What you should do
Provide the records once more, identical to the original.

Data in this exercise
=== Begin Enclosure ===

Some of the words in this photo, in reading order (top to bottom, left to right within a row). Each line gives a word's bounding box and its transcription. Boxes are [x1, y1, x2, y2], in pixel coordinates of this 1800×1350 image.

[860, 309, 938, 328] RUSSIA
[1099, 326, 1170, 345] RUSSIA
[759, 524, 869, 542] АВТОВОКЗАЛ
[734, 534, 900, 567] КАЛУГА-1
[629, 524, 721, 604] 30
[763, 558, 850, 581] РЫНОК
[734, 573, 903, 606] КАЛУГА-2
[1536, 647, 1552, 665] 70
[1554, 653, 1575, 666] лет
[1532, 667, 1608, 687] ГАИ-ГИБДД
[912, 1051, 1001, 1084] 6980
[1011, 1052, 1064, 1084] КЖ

=== End Enclosure ===

Answer area
Some of the words in this photo, in reading order (top to bottom, left to right within a row). Each line gives a word's bounding box and its transcription. Boxes are [x1, y1, x2, y2], in pixel coordinates of this 1800×1350 image.

[860, 309, 938, 328] RUSSIA
[1099, 326, 1170, 345] RUSSIA
[759, 524, 869, 542] АВТОВОКЗАЛ
[734, 534, 900, 567] КАЛУГА-1
[629, 524, 721, 604] 30
[763, 558, 850, 581] РЫНОК
[734, 573, 903, 606] КАЛУГА-2
[1536, 647, 1552, 665] 70
[1554, 653, 1575, 666] лет
[1532, 667, 1608, 687] ГАИ-ГИБДД
[912, 1051, 1001, 1084] 6980
[1011, 1052, 1064, 1084] КЖ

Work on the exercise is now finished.